[GIVEN INFORMATION — start]
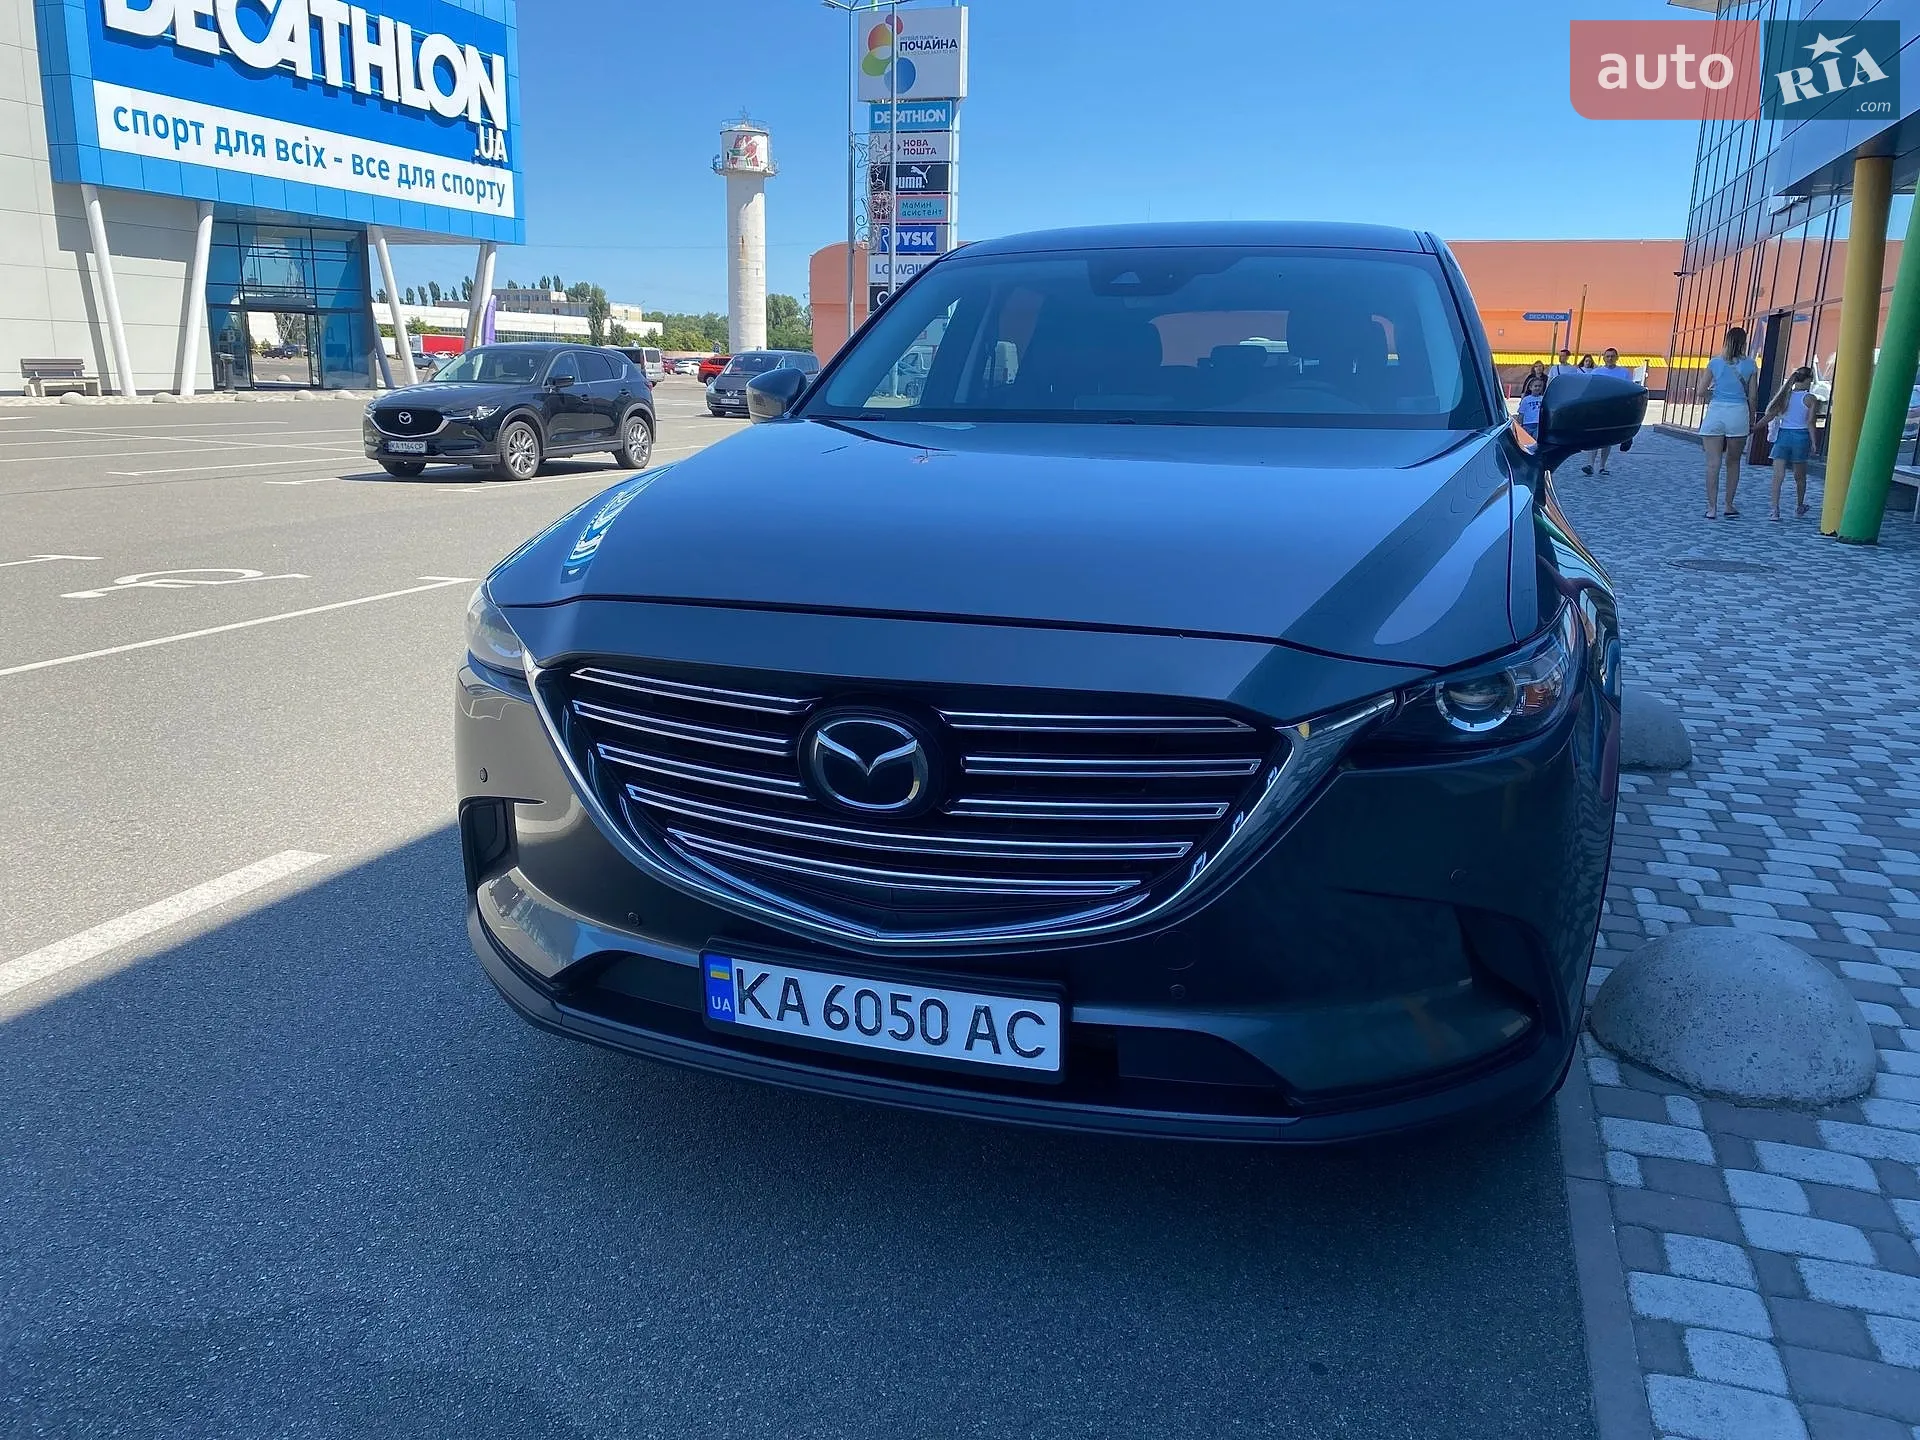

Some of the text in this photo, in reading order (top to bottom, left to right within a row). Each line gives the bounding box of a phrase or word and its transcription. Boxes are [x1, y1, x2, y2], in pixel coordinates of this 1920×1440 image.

[900, 36, 958, 51] ПОЧАЙНА
[874, 109, 946, 124] DEATHLON
[474, 125, 509, 162] .UA
[903, 139, 929, 147] НОВА
[113, 106, 205, 151] спорт
[214, 125, 267, 157] для
[275, 135, 327, 169] всіх
[351, 153, 390, 181] все
[397, 163, 435, 189] для
[441, 172, 506, 208] спорту
[903, 147, 937, 156] ПОШТА
[712, 995, 732, 1013] UA
[735, 968, 1046, 1058] KA 6050 AC
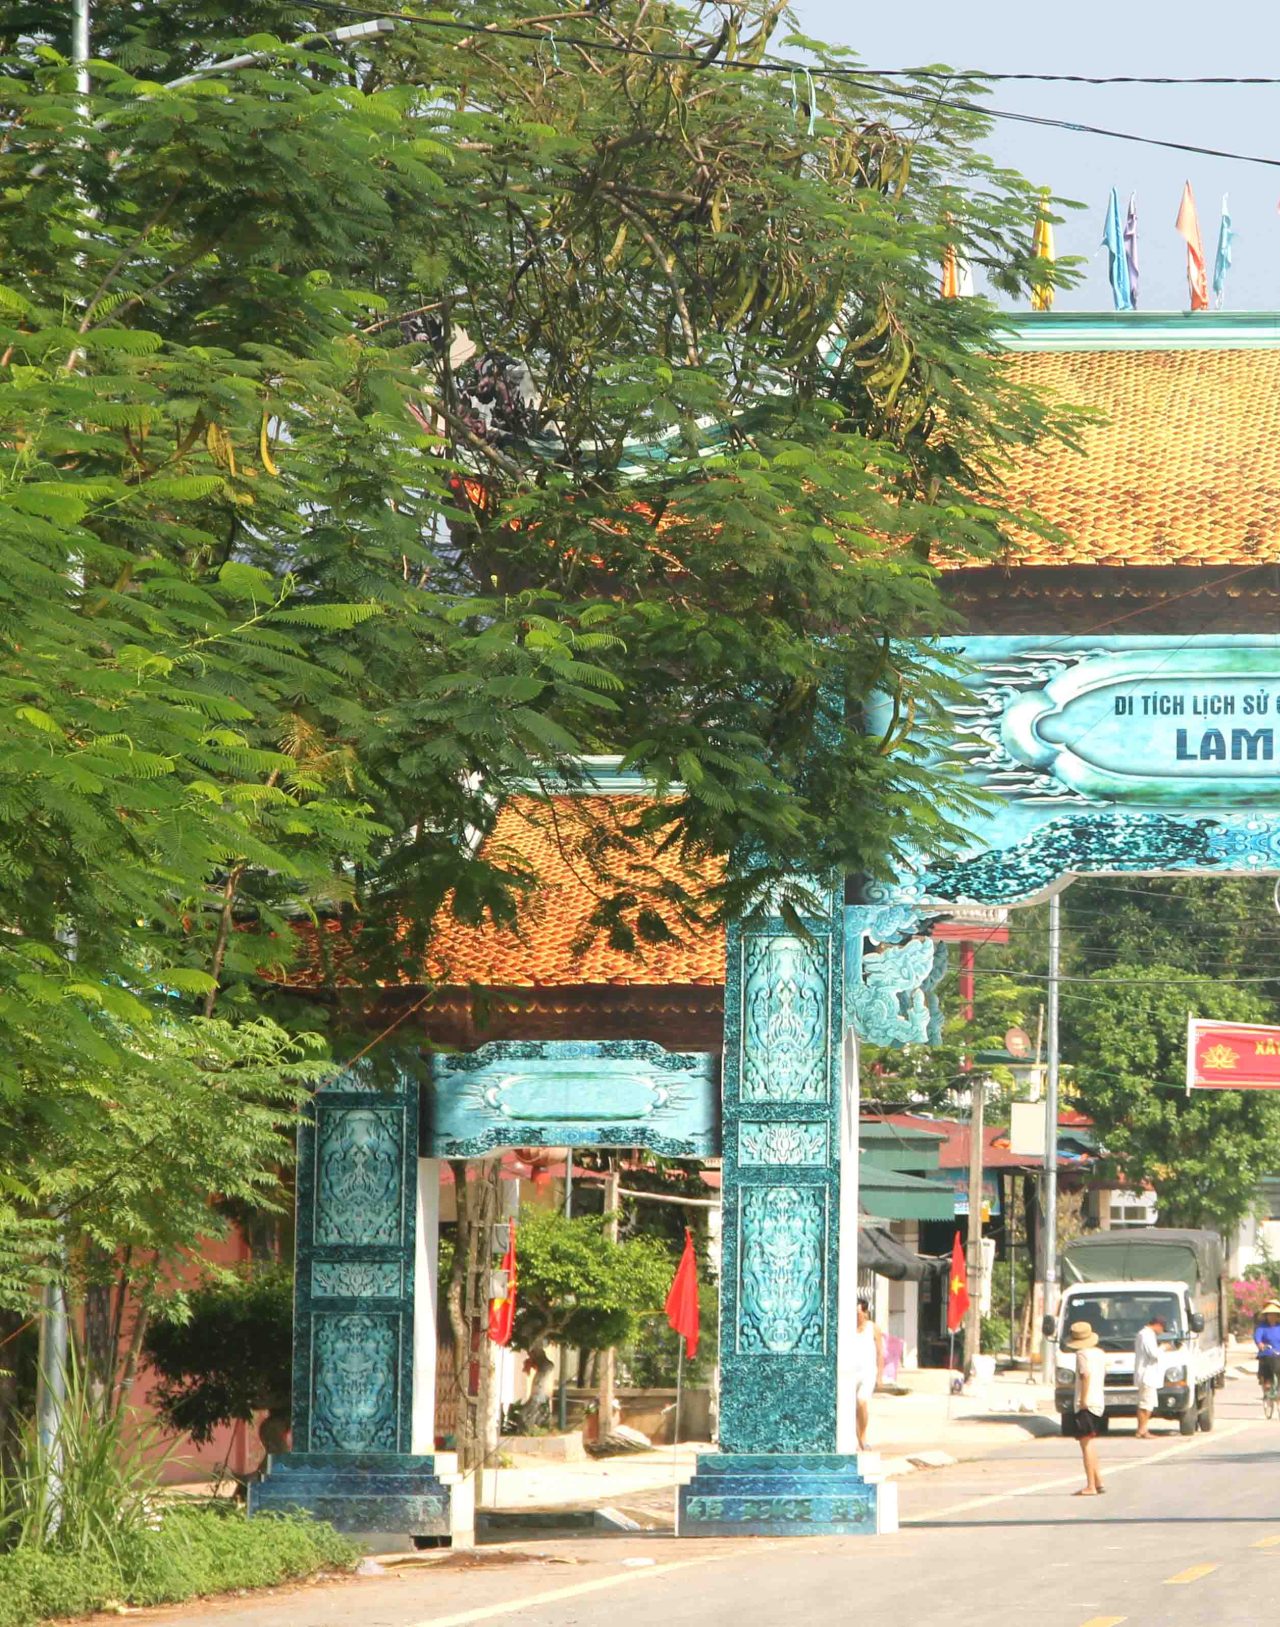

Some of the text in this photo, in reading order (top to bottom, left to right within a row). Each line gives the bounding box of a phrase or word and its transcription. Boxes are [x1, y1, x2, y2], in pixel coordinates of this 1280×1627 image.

[1141, 691, 1185, 716] TÍCH
[1192, 694, 1235, 720] LỊCH
[1242, 689, 1269, 716] SỬ
[1175, 727, 1274, 761] LAM
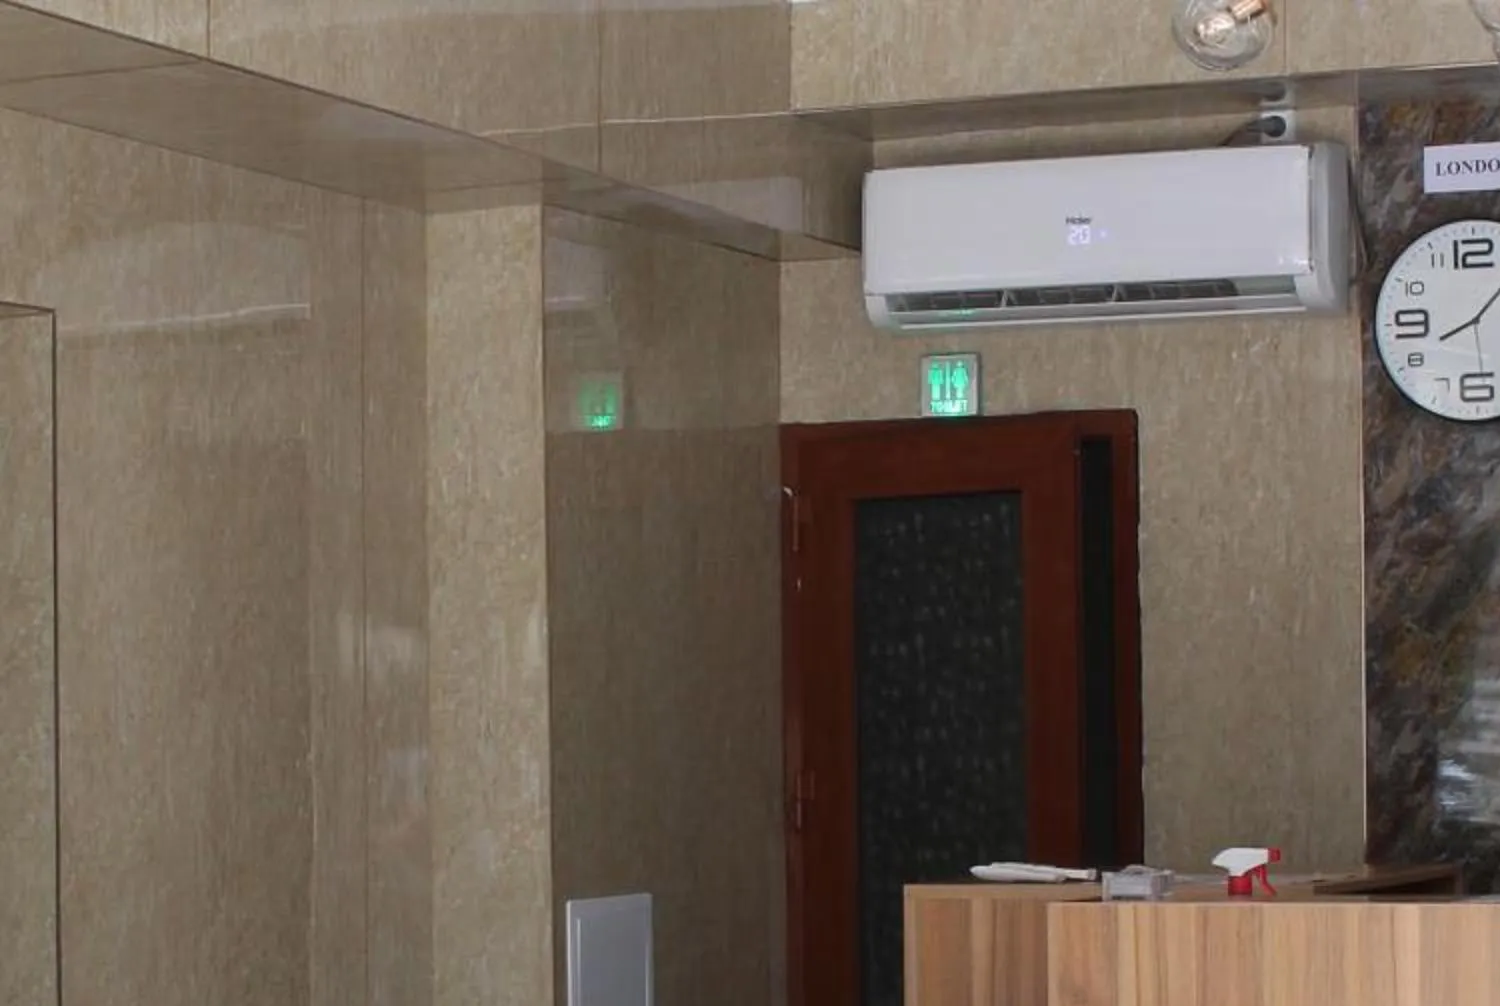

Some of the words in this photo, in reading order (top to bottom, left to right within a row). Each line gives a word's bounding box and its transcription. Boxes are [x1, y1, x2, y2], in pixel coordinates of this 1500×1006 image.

[1431, 252, 1444, 268] 11
[1453, 238, 1494, 269] 12
[1405, 281, 1424, 296] 10
[1395, 309, 1429, 339] 9
[1408, 353, 1424, 367] 8
[1435, 377, 1450, 391] 7
[1459, 372, 1494, 402] 6
[GIVEN INFORMATION — finish]
- **TASK DETAILS**
Output each entry above word for word. The pictures stay out.

- **RESULT OF THIS EXERCISE**
Some of the text in this photo, in reading order (top to bottom, left to right within a row). Each line gives the bounding box of a phrase or word and its transcription. Boxes are [x1, y1, x2, y2], in pixel coordinates of this 1920×1440 image.

[900, 36, 958, 51] ПОЧАЙНА
[874, 109, 946, 124] DEATHLON
[474, 125, 509, 162] .UA
[903, 139, 929, 147] НОВА
[113, 106, 205, 151] спорт
[214, 125, 267, 157] для
[275, 135, 327, 169] всіх
[351, 153, 390, 181] все
[397, 163, 435, 189] для
[441, 172, 506, 208] спорту
[903, 147, 937, 156] ПОШТА
[712, 995, 732, 1013] UA
[735, 968, 1046, 1058] KA 6050 AC

Some of the text in this photo, in reading order (top to bottom, left to right within a row). Each line gives the bounding box of a phrase or word and its transcription. Boxes are [x1, y1, x2, y2], in pixel coordinates of this 1280×1627 image.

[1141, 691, 1185, 716] TÍCH
[1192, 694, 1235, 720] LỊCH
[1242, 689, 1269, 716] SỬ
[1175, 727, 1274, 761] LAM

Some of the words in this photo, in reading order (top to bottom, left to right within a row). Each line gives a word's bounding box and its transcription. Boxes are [x1, y1, x2, y2], in pixel coordinates of this 1500×1006 image.

[1431, 252, 1444, 268] 11
[1453, 238, 1494, 269] 12
[1405, 281, 1424, 296] 10
[1395, 309, 1429, 339] 9
[1408, 353, 1424, 367] 8
[1435, 377, 1450, 391] 7
[1459, 372, 1494, 402] 6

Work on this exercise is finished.